Fanny Lye Deliver’d (Thomas Clay). SEFF 2020 – Sección Oficial
Debería haberles comentado Fanny Lye Deliver’d en el segundo día de este festival que ya termina, pero las restricciones pandémicas me obligaron a cambiar mi orden de visionado. Ahora por fin la abordo, en la última crítica que voy a escribir desde Sevilla, y debo decirles que no hay mal que por bien no venga: no es una de las mejores películas de una sección oficial memorable, pero sí dice mucho tanto acerca del estilo de programación del certamen como sobre algunas de las cosas que están ocurriendo en el cine de ahora. Muchos pueden preguntarse qué sentido tiene hacer coincidir en una misma franja del festival películas, por un lado, como Dau. Natasha y Malmkrog, y otras, por ejemplo, como Borrar el historial y la propia Fanny Lye Deliver’d. Las primeras pertenecen a una tradición que tiene que ver con el cine de la modernidad, con la herencia de la cultura humanista (por llamarla de algún modo), y representan la culminación extrema de un cierto “arte y ensayo” que procede, por lo menos, de los años 60. Las segundas no se toman en serio ese legado y prefieren regresar al género, incluso a su lado más popular y desprestigiado. Al mismo tiempo, es innegable que hay festivales que nunca mezclarían esos dos estilos, y también que su presencia simultánea, por ejemplo, en Sevilla, acaba provocando desconcierto en determinado público y cierta crítica, lo cual a estas alturas no acabo de entender muy bien.

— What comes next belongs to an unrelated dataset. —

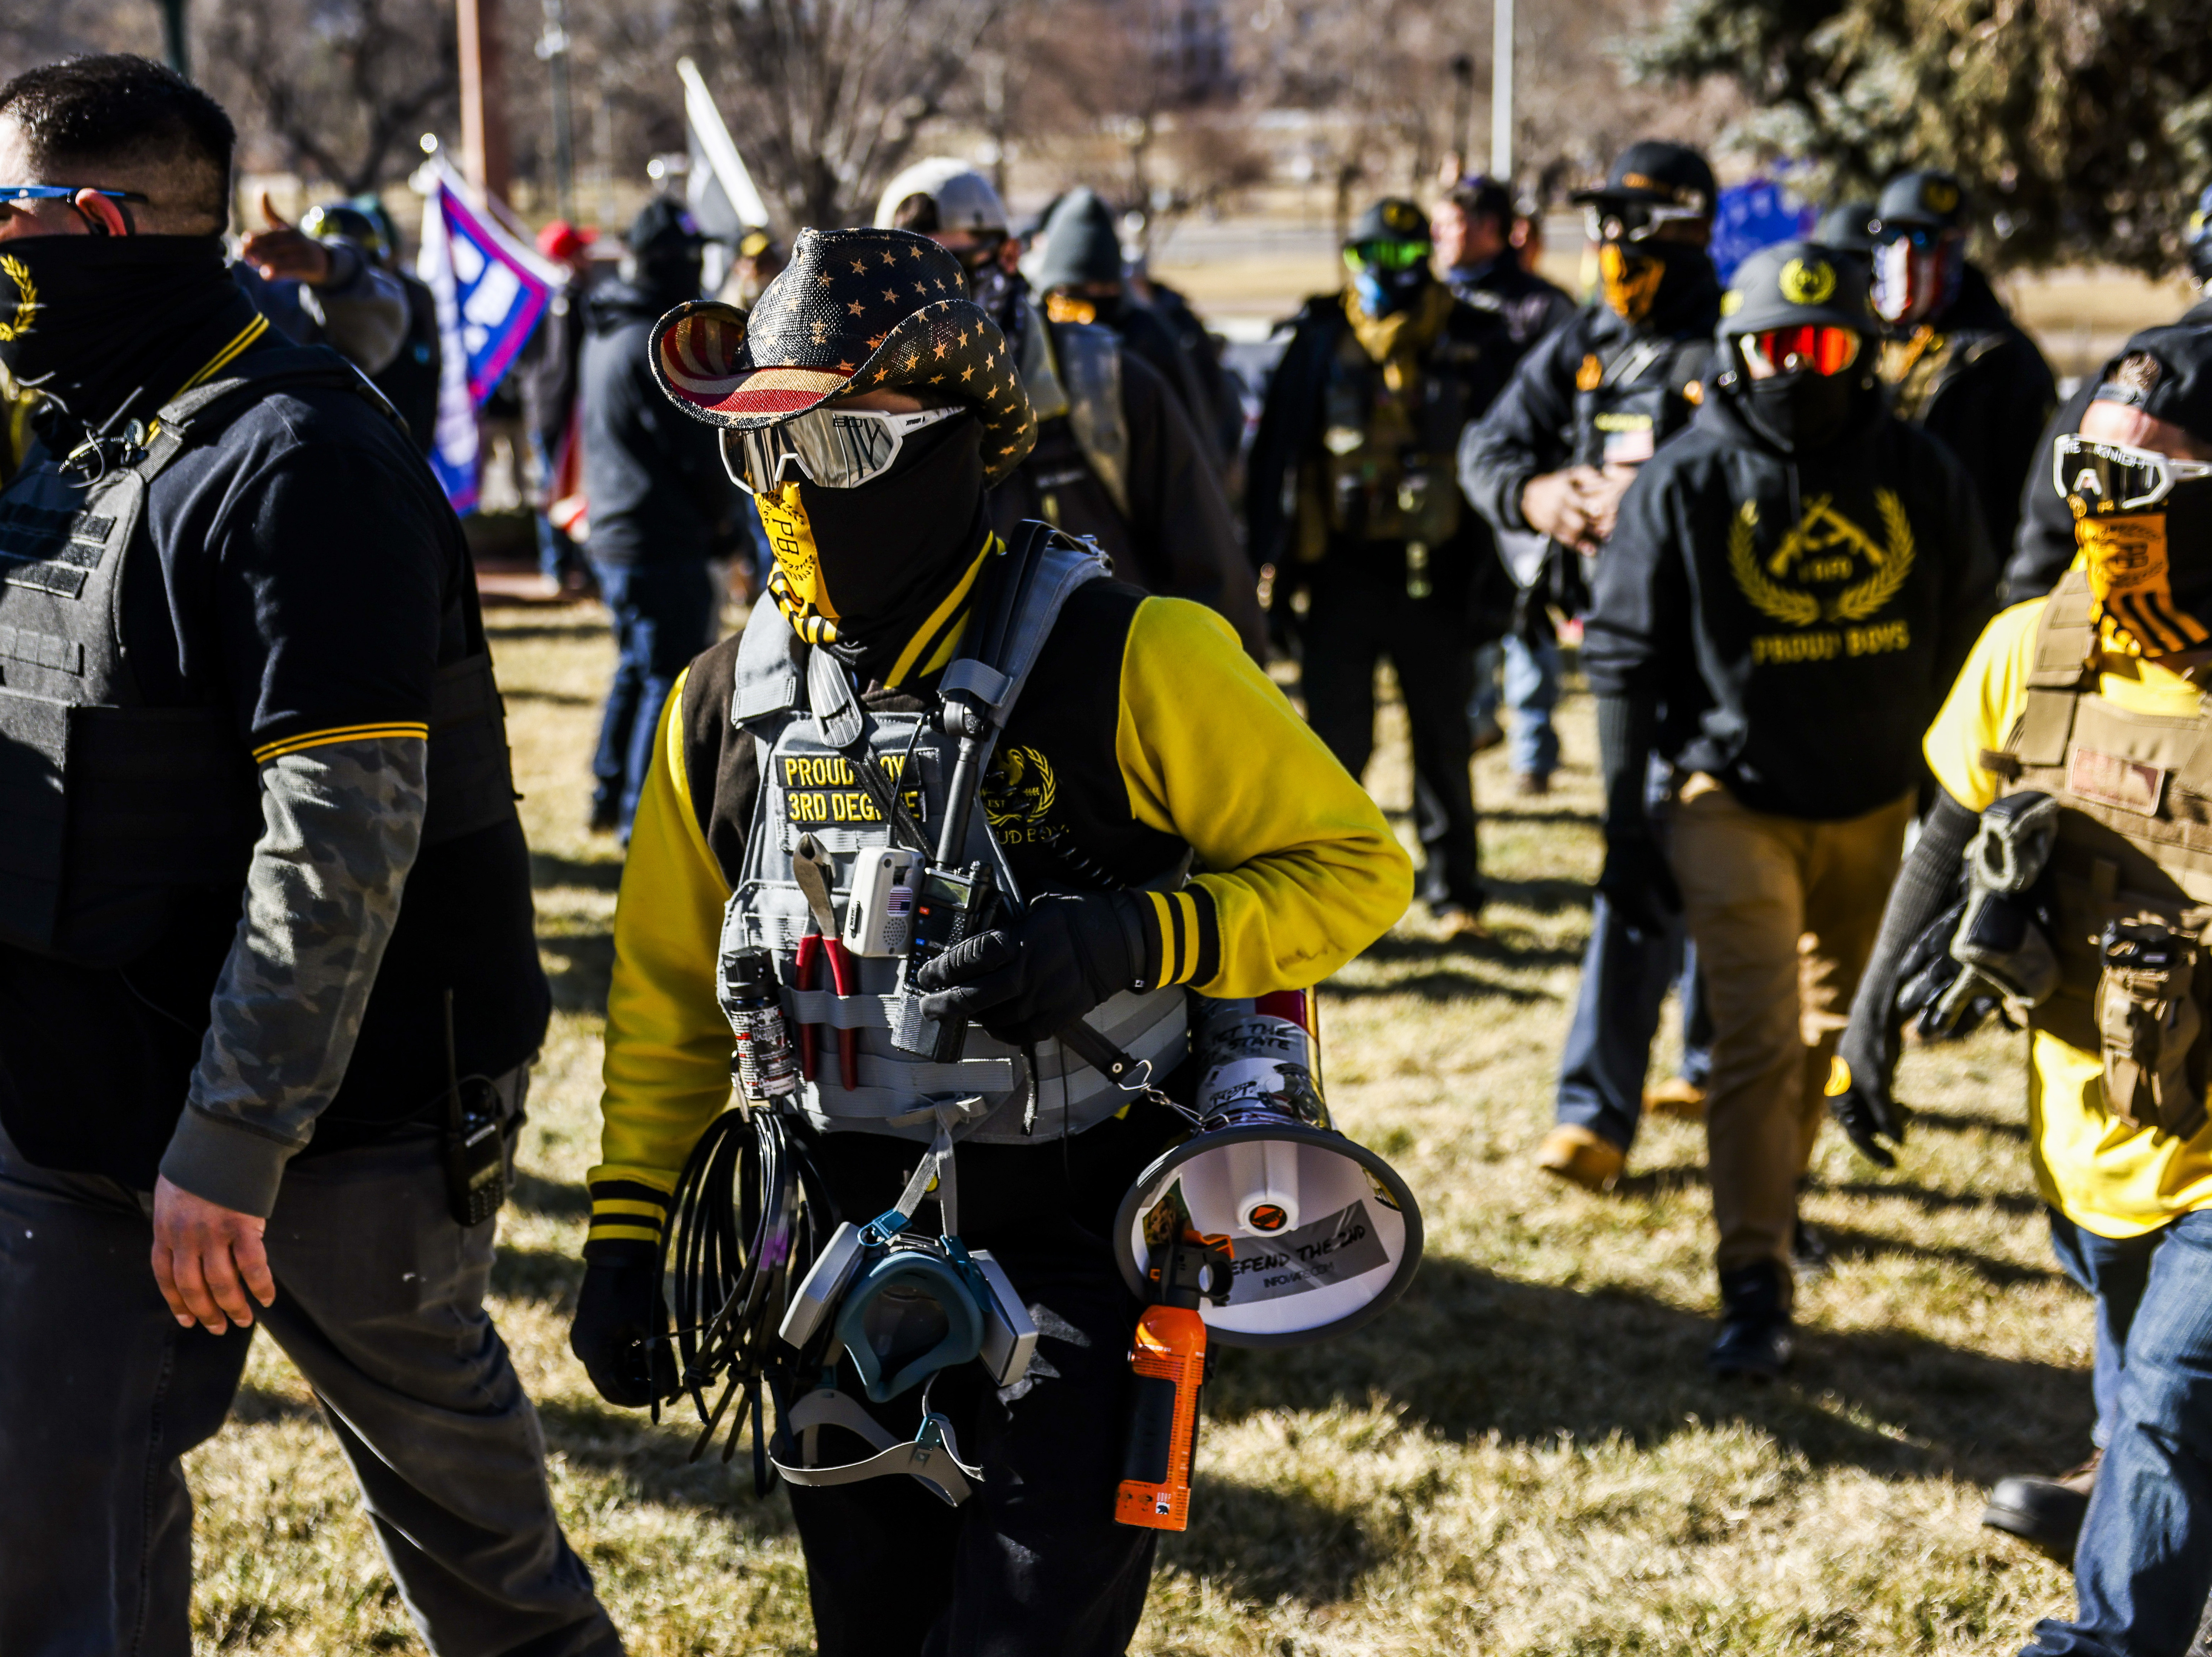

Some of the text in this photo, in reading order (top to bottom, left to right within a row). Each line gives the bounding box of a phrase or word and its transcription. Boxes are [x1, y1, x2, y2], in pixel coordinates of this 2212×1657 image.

En el caso de la última película de Thomas Clay, autor también del guión y de la música, está muy claro que sus ascendentes se sitúan más del lado de Sergio Leone que en la estela de Carl T. Dreyer, por mucho que el argumento haga pensar en este último. Pues la historia de la Fanny del título (la esposa de un puritano inglés del siglo XVII obligada a enfrentarse a la tentación y el pecado representados por una pareja de fugitivos que acaban recalando en su granja) no transita nunca senderos que tengan que ver con los dilemas morales o religiosos, sino que prefiere el trazo grueso, la sangre e incluso a veces el gran guiñol. Hay primerísimos planos de rostros casi deformados por la excesiva proximidad del encuadre, e igualmente hay situaciones llevadas al límite, cuyo sentido del ritmo tiene que ver más con la brocha gorda que con el matiz. Es ahí donde Clay patina, pues incluso el exceso necesita siempre un equilibrio, algo que la película pierde en una segunda parte demasiado precipitada y efectista. Pero es ahí también donde Fanny Lye Deliver’d (que en el fondo muy bien podría haberse titulado Fanny Games, si es que quería jugar a fondo la carta de la caricatura) se muestra claramente como lo que es: un alocado pastiche, no solo de referencias, sino también de decisiones de puesta en escena, capaz de mezclar el western claustrofóbico y el historicismo británico, la parábola feminista y la fábula morbosa, la tradición y el revisionismo. Incluso la voz en off que cuenta la historia se sitúa en un futuro indefinido, como si a la película también le interesara interrogarse a sí misma sobre temporalidades narrativas que, por otra parte, esta sección oficial ha explorado igualmente en esas películas mencionadas que nada tienen que ver con esta, por lo menos en apariencia. ¿O es que ese tipo de divisiones ya no tiene ningún sentido? La respuesta, quizá, el año que viene. Si nos dejan y permiten.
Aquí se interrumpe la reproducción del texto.